Te dice tu hermana: ¿Qué te parece, Adam? ¿Nos vamos a casa el fin de semana o nos quedamos aquí, pasando calor en Nueva York?
Nos quedamos, contestas tú, mientras piensas en el viaje en autobús a Nueva Jersey y las largas horas que habrás de estar hablando con tus padres. Si hace demasiado calor en el apartamento, añades, siempre podemos ir al cine. El sábado y el domingo ponen buenas cosas en el New Yorker y el Thalia, y nos refrescaremos con el aire acondicionado.

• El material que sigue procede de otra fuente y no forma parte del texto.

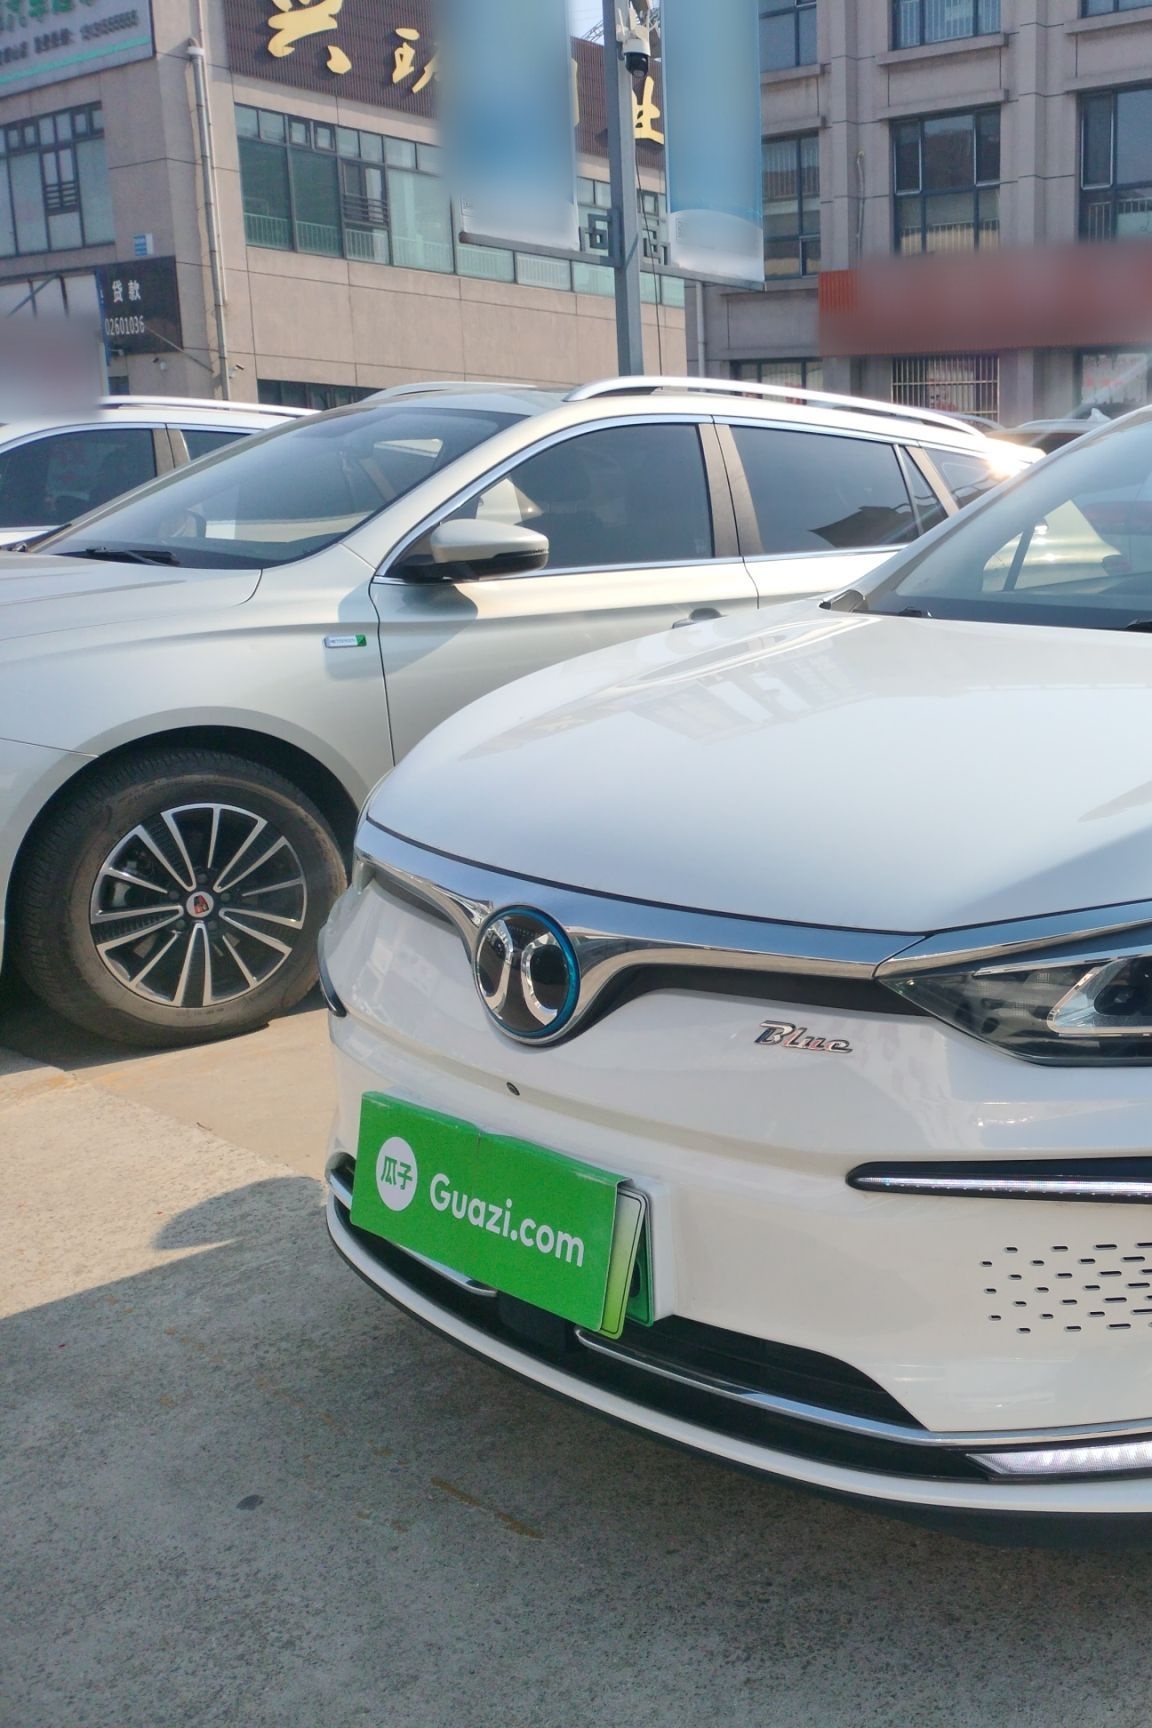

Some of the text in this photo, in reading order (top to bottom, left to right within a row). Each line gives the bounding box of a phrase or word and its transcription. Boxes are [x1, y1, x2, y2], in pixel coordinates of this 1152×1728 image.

[111, 280, 142, 303] 贷款
[754, 1020, 853, 1053] Blue
[380, 1155, 413, 1191] 瓜子
[429, 1172, 585, 1268] Guazi.com
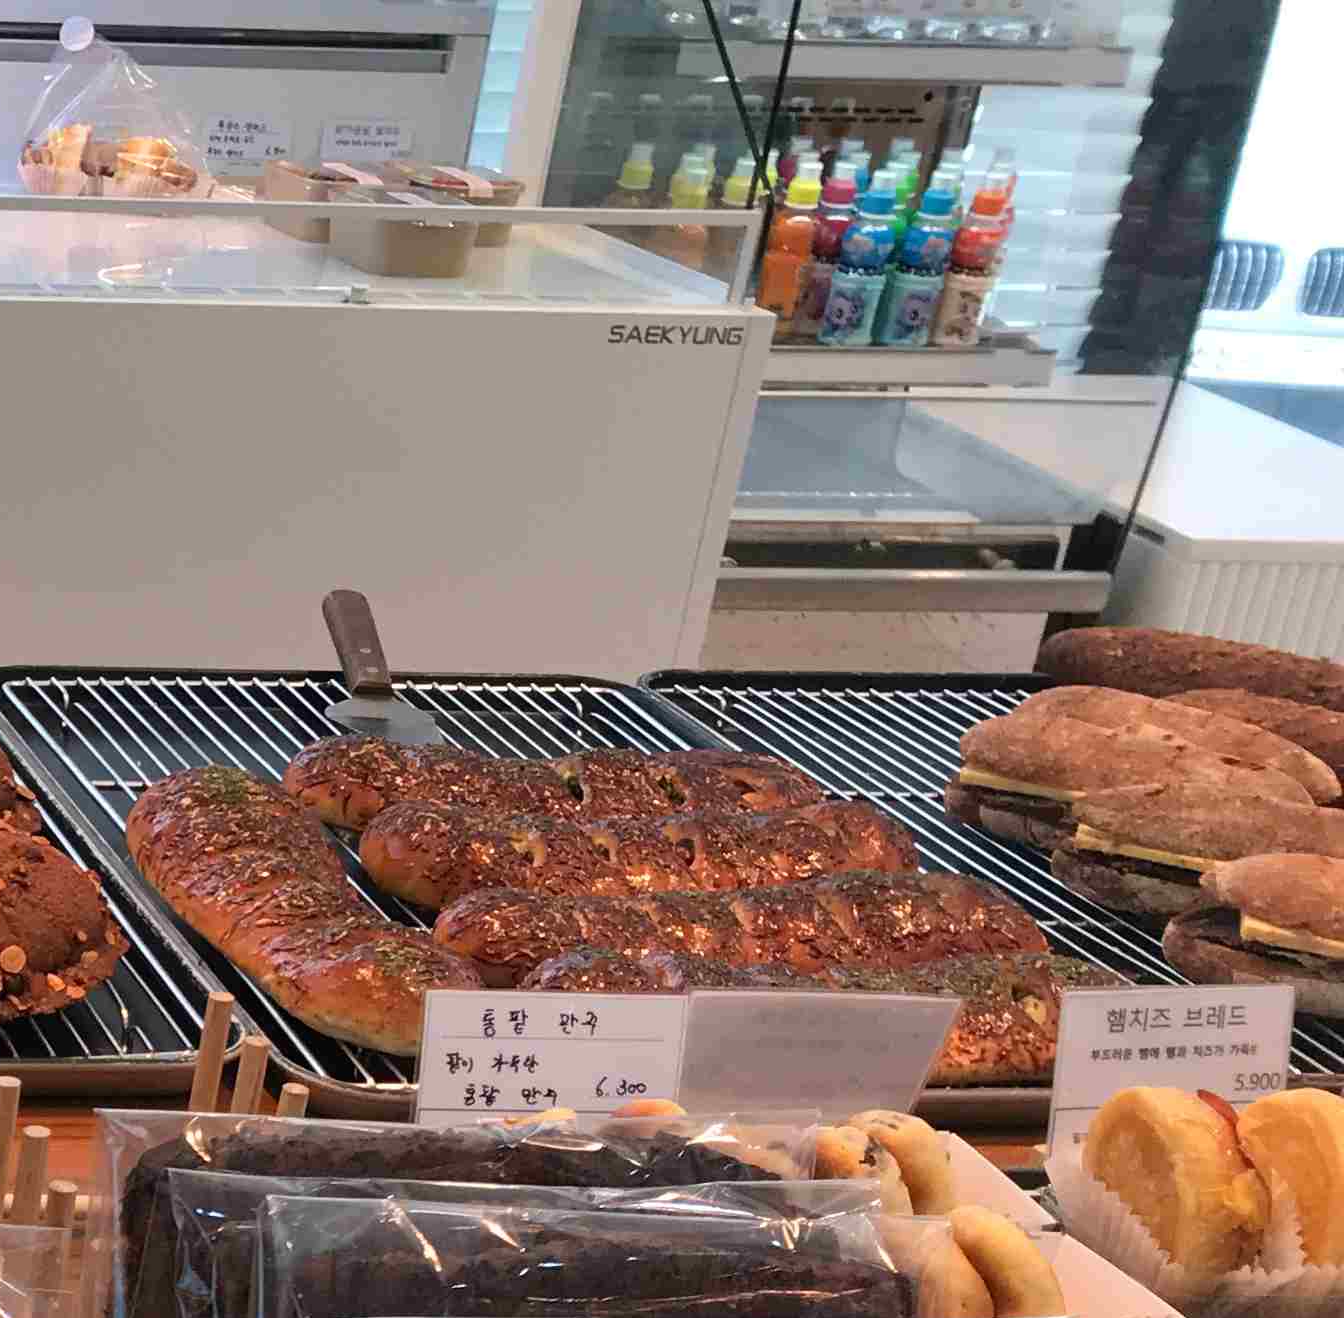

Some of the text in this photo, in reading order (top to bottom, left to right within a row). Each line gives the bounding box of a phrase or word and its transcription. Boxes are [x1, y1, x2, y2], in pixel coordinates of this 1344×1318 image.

[607, 324, 745, 346] SAEKYUNG
[1106, 1003, 1249, 1033] 햄치즈 브레드
[1233, 1071, 1282, 1092] 5.900
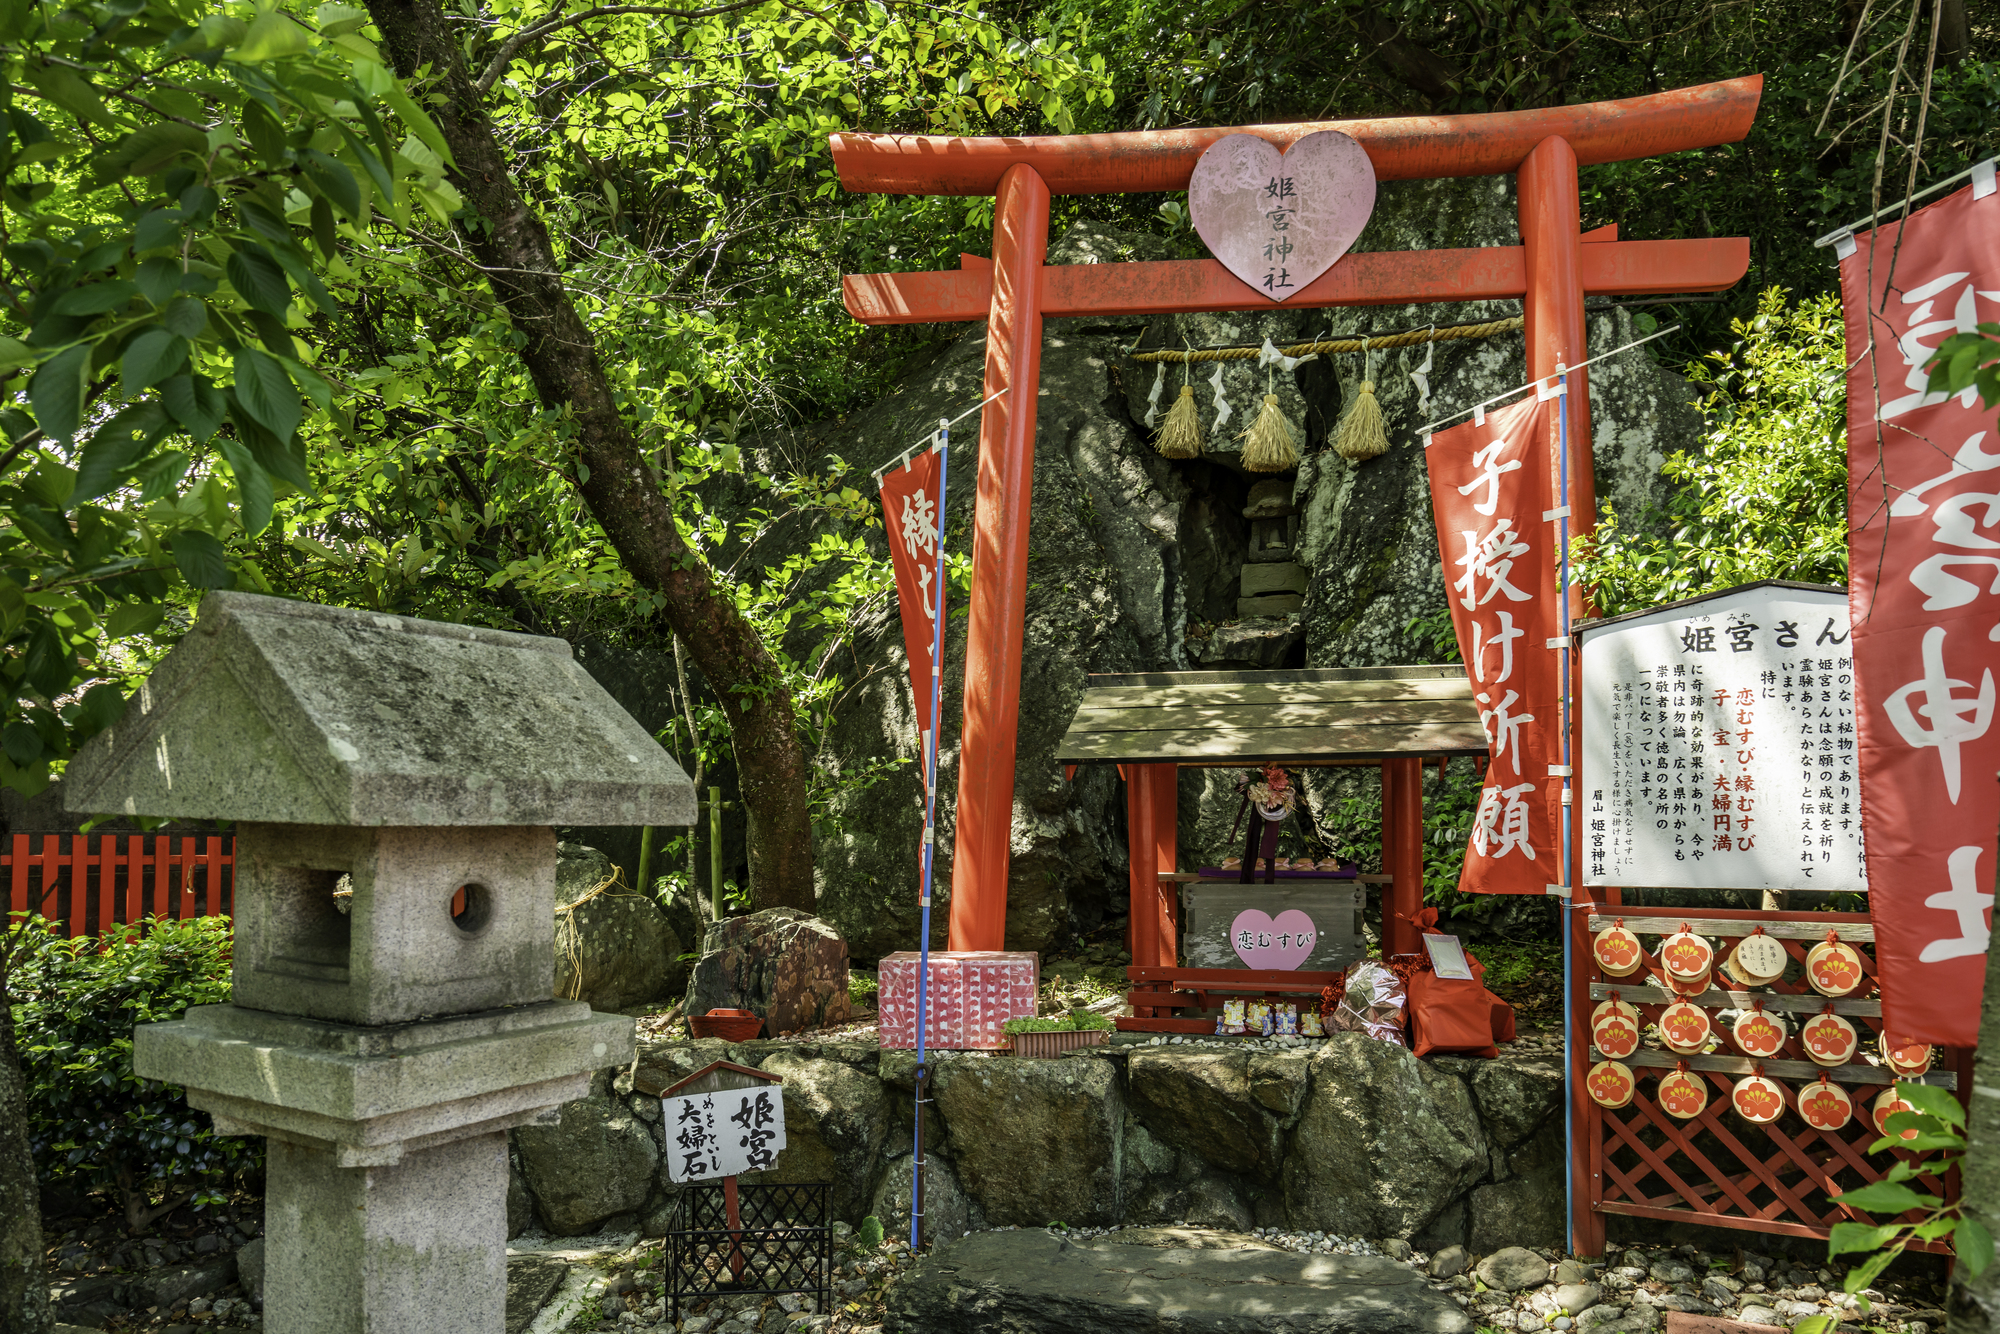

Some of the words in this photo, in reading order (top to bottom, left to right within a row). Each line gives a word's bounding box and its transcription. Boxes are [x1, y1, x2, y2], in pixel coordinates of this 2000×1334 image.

[1263, 177, 1298, 292] 姫宮神社
[1453, 438, 1536, 861] 子授け祈願
[1680, 617, 1850, 654] 姫宮さん
[1689, 614, 1711, 624] ひめ
[1727, 612, 1751, 621] みや
[1760, 670, 1777, 700] 特に
[1781, 661, 1796, 712] います。
[1639, 670, 1653, 807] 一つになっています。
[1655, 665, 1670, 830] 崇敬者多く徳島の名所の
[1798, 658, 1815, 878] 霊験あらたかなりと伝えられて
[1818, 658, 1834, 864] 姫宮さんは念願の成就を祈り
[1837, 656, 1855, 840] 例のない秘物であります。
[1238, 930, 1314, 950] 恋むすび
[676, 1099, 708, 1177] 夫婦石
[731, 1091, 776, 1167] 姫宮

Estamos a primeros de julio, y tu hermana y tú ya lleváis dos semanas viviendo juntos. Como todos tus amigos han desaparecido hasta que acabe el verano, Gwyn es la única persona que ves a menudo; prescindiendo de la gente que trabaja en la biblioteca, aunque ésa no cuenta mucho. No tienes novia por el momento (Margot ha sido la última mujer con la que te has acostado), y tu hermana ha roto hace poco con el joven profesor con quien salía desde hace año y medio. Por tanto, sólo os tenéis el uno al otro para haceros compañía, pero no hay nada malo en eso por lo que a vosotros respecta, y en definitiva estás más que satisfecho con la forma en que están yendo las cosas desde que ella se ha venido a vivir contigo. Estás muy a gusto a su lado, con ella puedes hablar con mayor franqueza que con nadie que conozcas, y es increíble lo libre de conflictos que están vuestras relaciones. De vez en cuando, Gwyn se molesta contigo porque se te olvida fregar los platos o dejas el baño hecho una pena, pero cada vez que fracasas en el ámbito doméstico prometes enmendar tus indolentes hábitos, y poco a poco has ido mejorando.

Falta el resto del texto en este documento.